23 Here the Tribunal was aware that the husband appellant had made his own application for a visa. However, as the FCC observed, it is not apparent that any unarticulated claim arose with sufficient clarity from the material before the Tribunal such that the Tribunal was required to consider it. The FCC concluded that the husband's alleged fear of harm was predicated upon the existence of the sexual assaults which had allegedly been perpetrated upon his wife. As the Tribunal had determined that those assaults did not occur there was no basis to the husband's claimed risk of harm.
24 The husband appellant also asserted that he suffers additional harm because of the psychological consequences of the claim made by his wife, even if they are not true, even though he also claims to have independently verified the claims. He says that he had suffered mentally as a result of becoming aware of his wife's claim and lost pride in his business and interest in his shops and warehouses in Bangladesh. He says that he is "mentally, physically, economically and socially very much disturbed".

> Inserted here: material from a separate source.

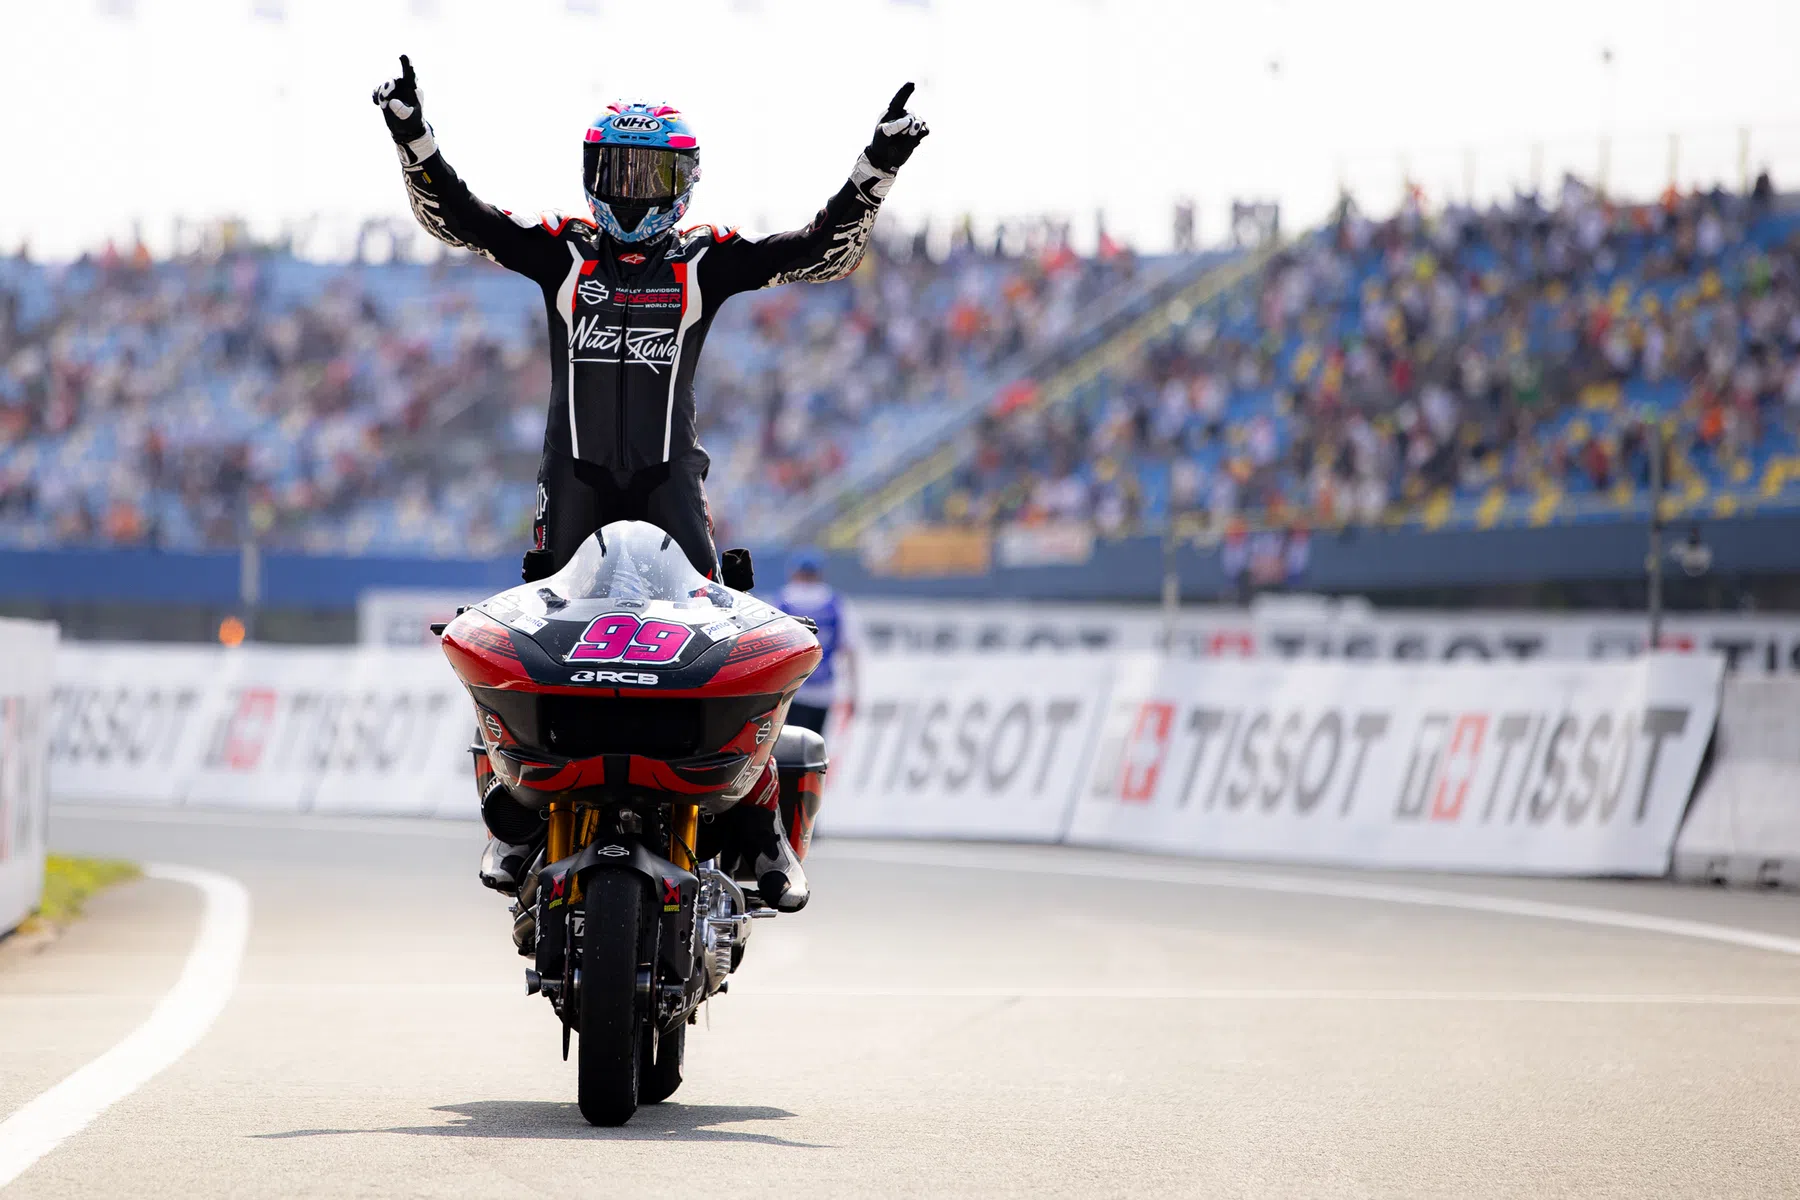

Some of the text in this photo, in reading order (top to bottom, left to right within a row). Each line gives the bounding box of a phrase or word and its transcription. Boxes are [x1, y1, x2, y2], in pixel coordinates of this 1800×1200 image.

25 The appellants submitted that the claim was clearly articulated in paragraph 5 of the husband appellant's statement attached to his visa application. The learned primary judge held that no such unarticulated claim as now asserted appeared from that paragraph. The appellants were not able to show any error in that conclusion. The paragraph is predicated upon the actual occurrence of the assaults on the wife appellant, it does not identify any claim to a fear of or risk of harm arising merely from the knowledge of the events allegedly occurring. Nothing has been shown which suggests that the learned primary judge was in error in not identifying some unarticulated claim which clearly arises from paragraph 5 of the husband appellant's statement.
26 The appellants submitted that this alleged unarticulated claim does not depend upon the veracity of the wife's claim. However, that submission cannot be accepted. It is apparent from the terms of paragraph 5 of the husband's statement that one of the foundations of his alleged claim is his alleged verification of his wife's claims. If the alleged assaults did not happen, it would follow that he could not have verified they occurred.
27 Moreover, even if that alleged claim did appear from the husband appellant's statement, it does not identify the type of harm against which the Convention or the complimentary protection grounds protect. As presently articulated it appears that the harm sustained by the husband appellant has occurred and that remains so whether he is in Australia or Bangladesh and it will not be caused by the husband appellant being returned to a receiving country. It follows that this alleged claim was not one which needed to be considered by the Tribunal.
28 It follows that there is no substance in the second ground of appeal either.